## TASK PROMPT
All of the data below should come back exactly as written, minus its images.

Referring expression grounding data
◆ ◆ ◆ ◆ ◆
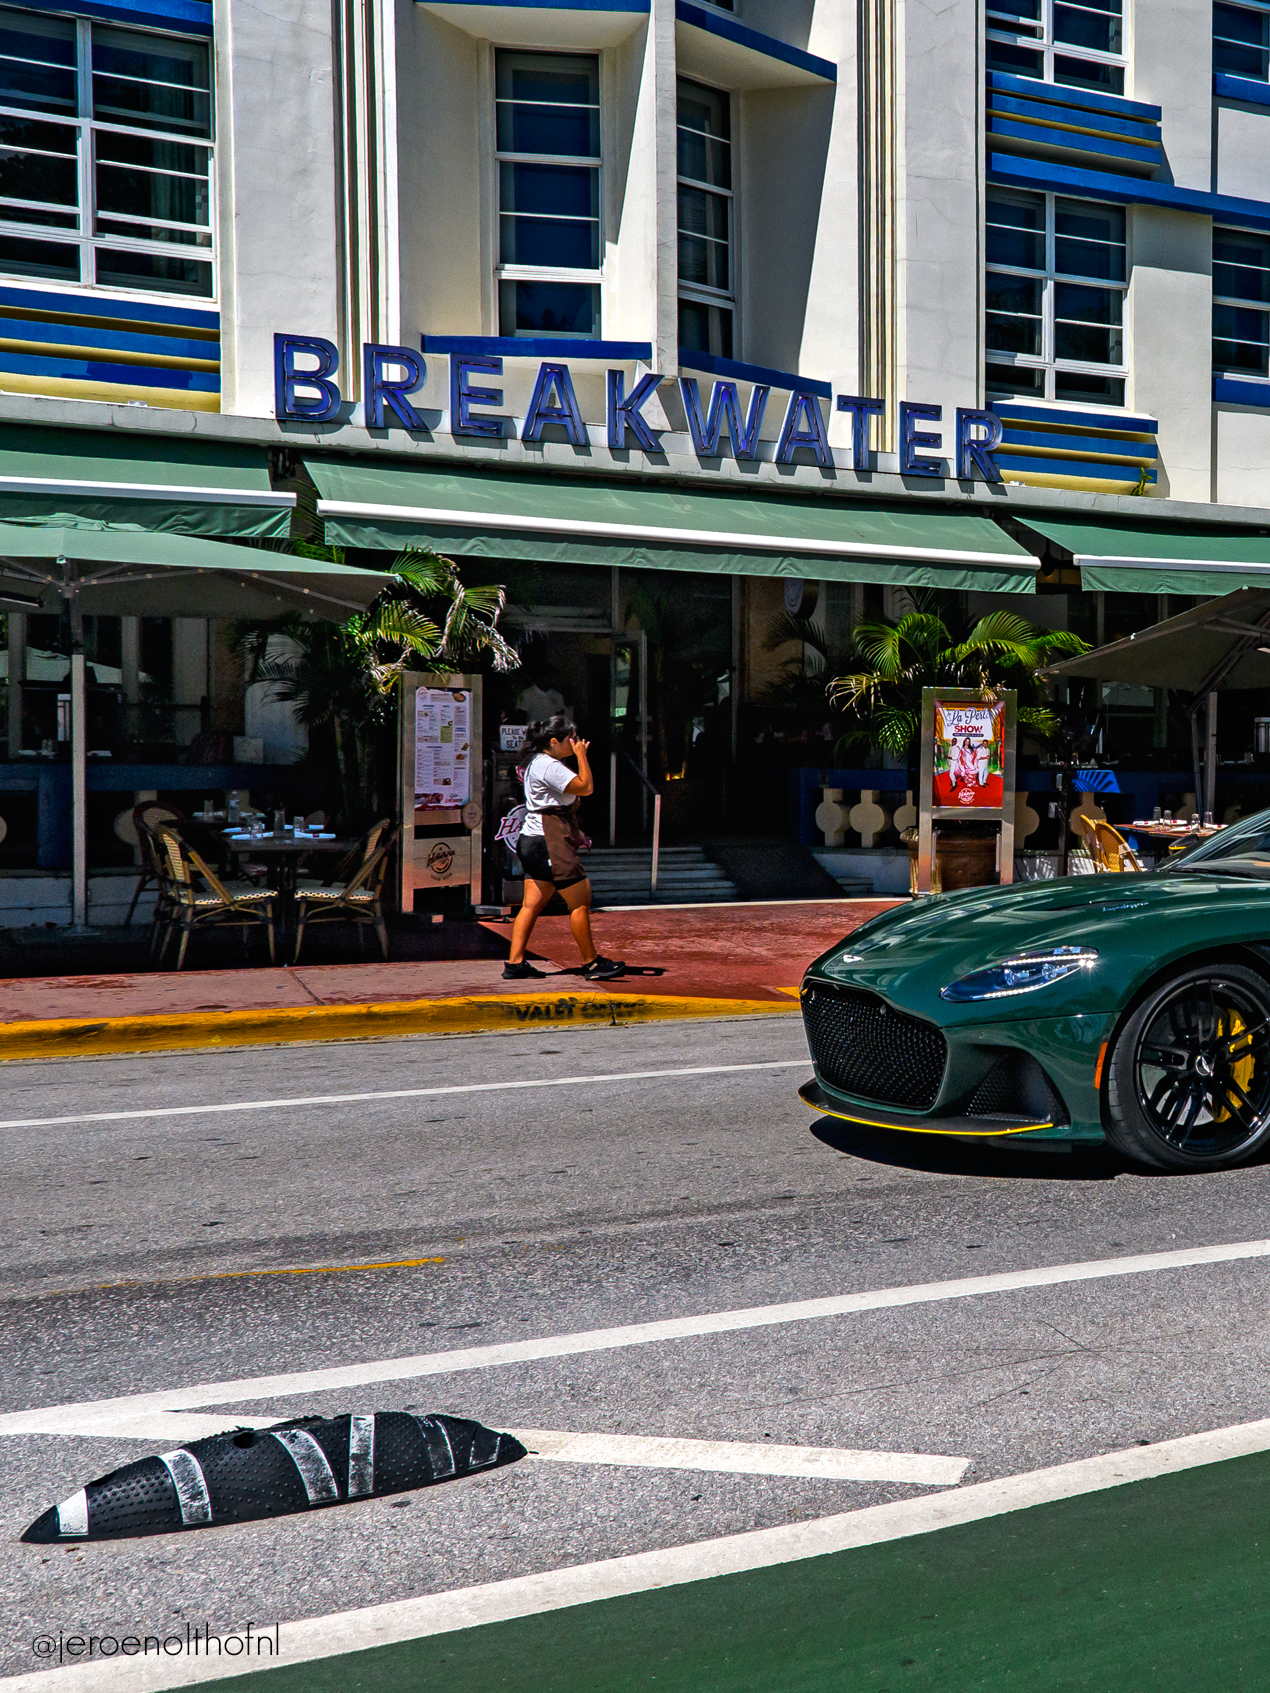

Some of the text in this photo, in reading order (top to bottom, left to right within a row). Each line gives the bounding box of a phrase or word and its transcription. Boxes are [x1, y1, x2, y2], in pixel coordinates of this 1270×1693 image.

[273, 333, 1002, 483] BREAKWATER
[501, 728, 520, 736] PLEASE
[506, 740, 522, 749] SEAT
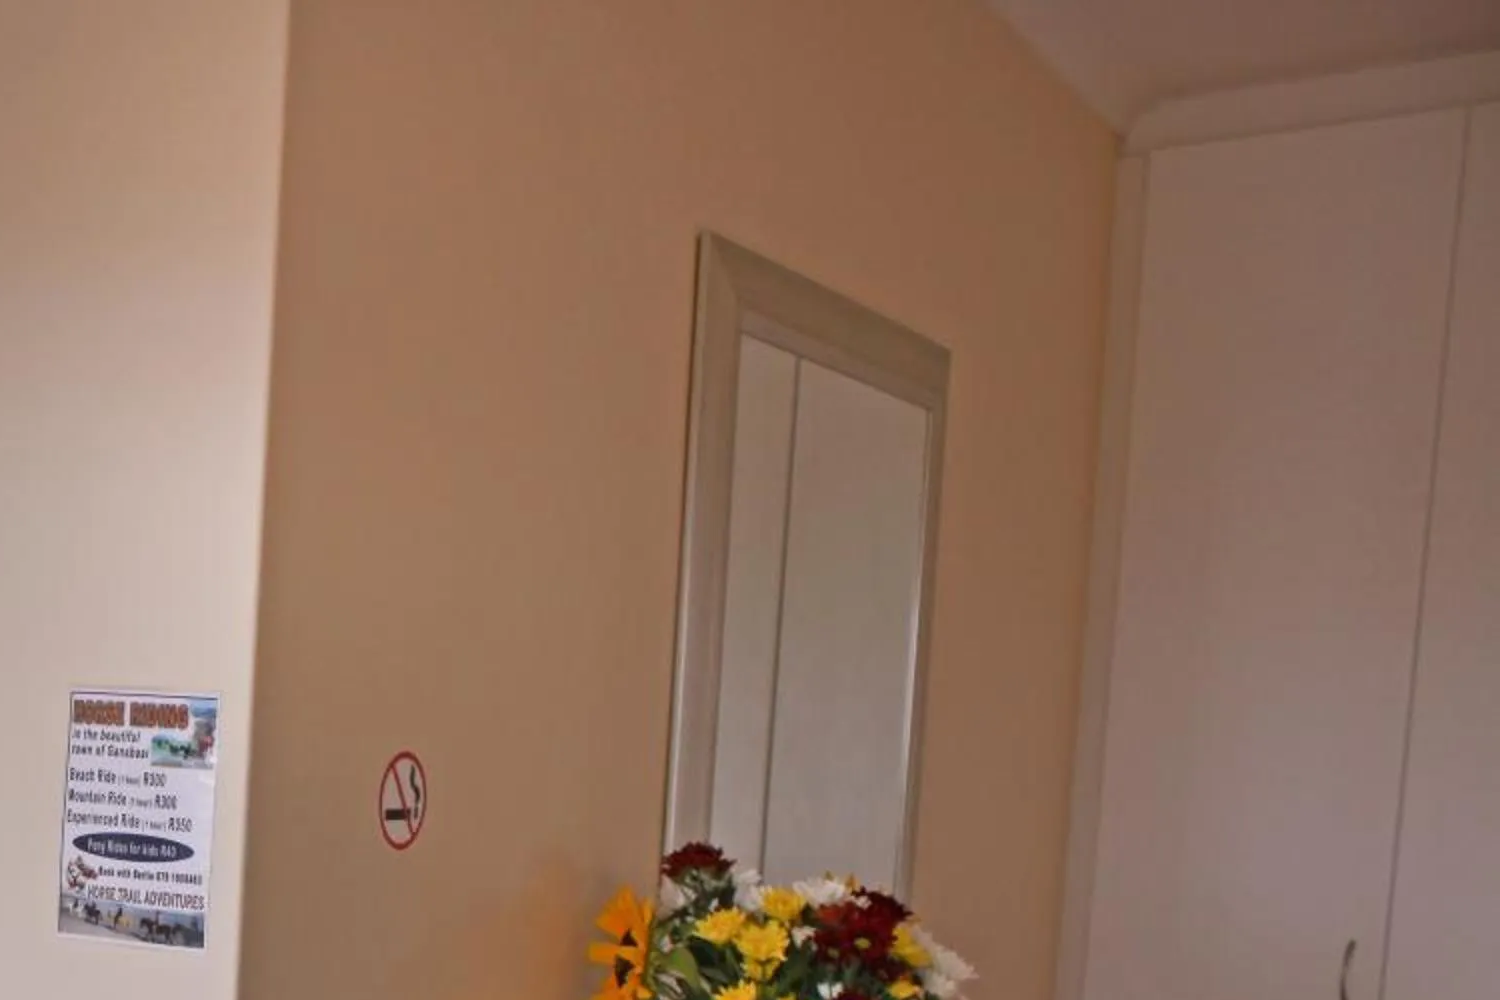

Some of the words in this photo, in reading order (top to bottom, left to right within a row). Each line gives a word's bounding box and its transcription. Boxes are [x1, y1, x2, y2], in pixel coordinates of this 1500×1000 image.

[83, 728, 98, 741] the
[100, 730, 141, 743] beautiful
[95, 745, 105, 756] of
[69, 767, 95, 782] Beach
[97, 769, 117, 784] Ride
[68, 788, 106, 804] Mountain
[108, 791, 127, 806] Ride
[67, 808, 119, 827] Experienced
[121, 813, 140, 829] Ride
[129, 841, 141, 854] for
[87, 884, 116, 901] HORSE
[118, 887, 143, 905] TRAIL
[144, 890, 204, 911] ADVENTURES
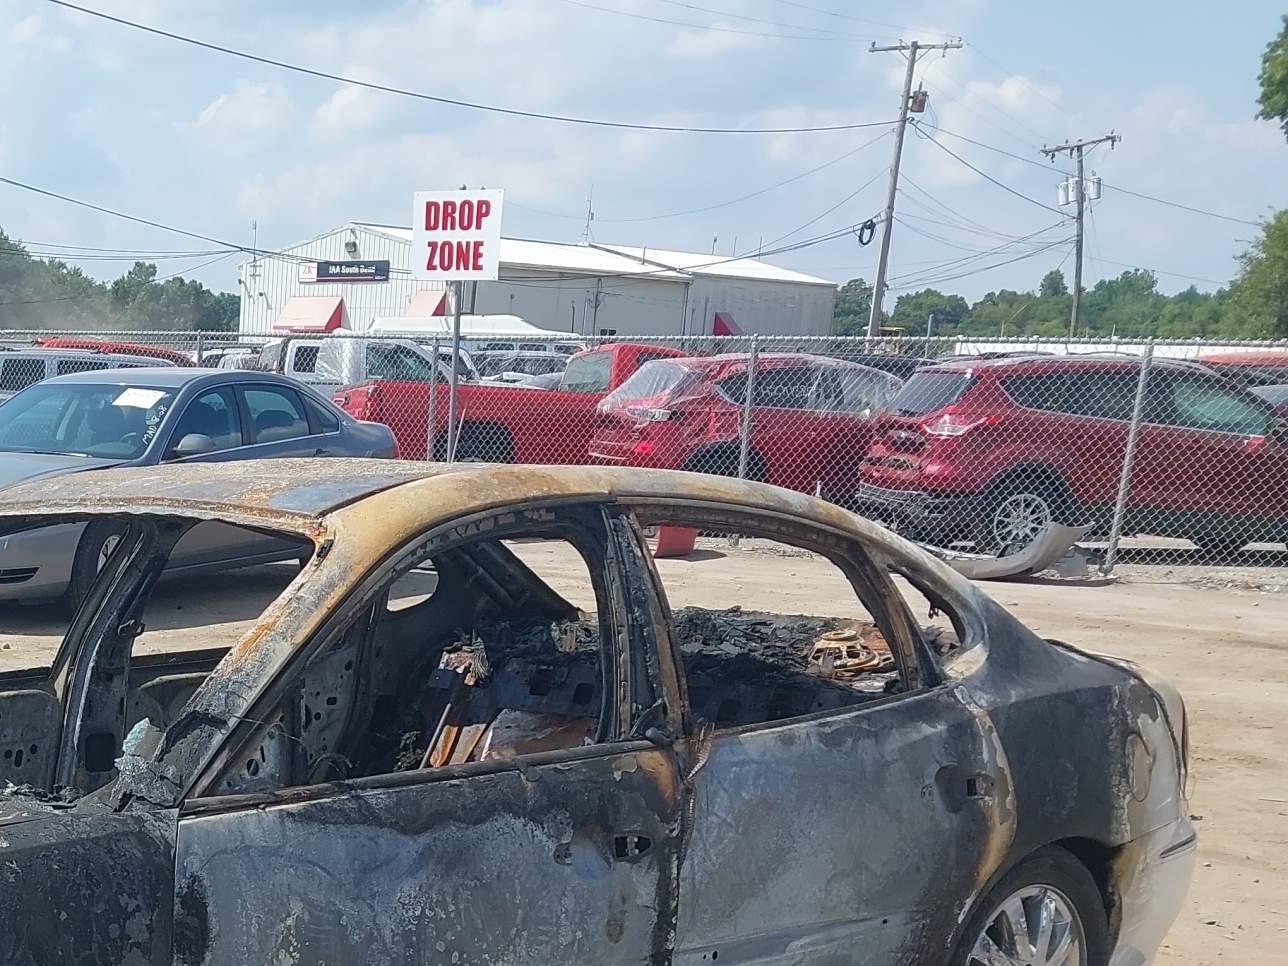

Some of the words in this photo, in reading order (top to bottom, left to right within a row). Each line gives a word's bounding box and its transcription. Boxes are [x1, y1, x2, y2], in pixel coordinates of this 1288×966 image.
◆ ◆ ◆ ◆ ◆
## EXERCISE RESULT
Some of the text in this photo, in reading order (top to bottom, left to right within a row). Each line gives the bounding box of a phrase or word and its transcription. Boxes are [x1, y1, x2, y2], in pixel coordinates of this 1270×1693 image.

[273, 333, 1002, 483] BREAKWATER
[501, 728, 520, 736] PLEASE
[506, 740, 522, 749] SEAT

Some of the words in this photo, in reading order (top to bottom, left to right within a row). Each line gives a word's bounding box and its transcription. Boxes are [x1, y1, x2, y2], in pixel coordinates of this 1500×1000 image.

[83, 728, 98, 741] the
[100, 730, 141, 743] beautiful
[95, 745, 105, 756] of
[69, 767, 95, 782] Beach
[97, 769, 117, 784] Ride
[68, 788, 106, 804] Mountain
[108, 791, 127, 806] Ride
[67, 808, 119, 827] Experienced
[121, 813, 140, 829] Ride
[129, 841, 141, 854] for
[87, 884, 116, 901] HORSE
[118, 887, 143, 905] TRAIL
[144, 890, 204, 911] ADVENTURES

Some of the words in this photo, in reading order (top to bottom, left to right within a row). Each line gives a word's bounding box and its transcription. Boxes are [x1, y1, x2, y2], in pixel coordinates of this 1288×966 image.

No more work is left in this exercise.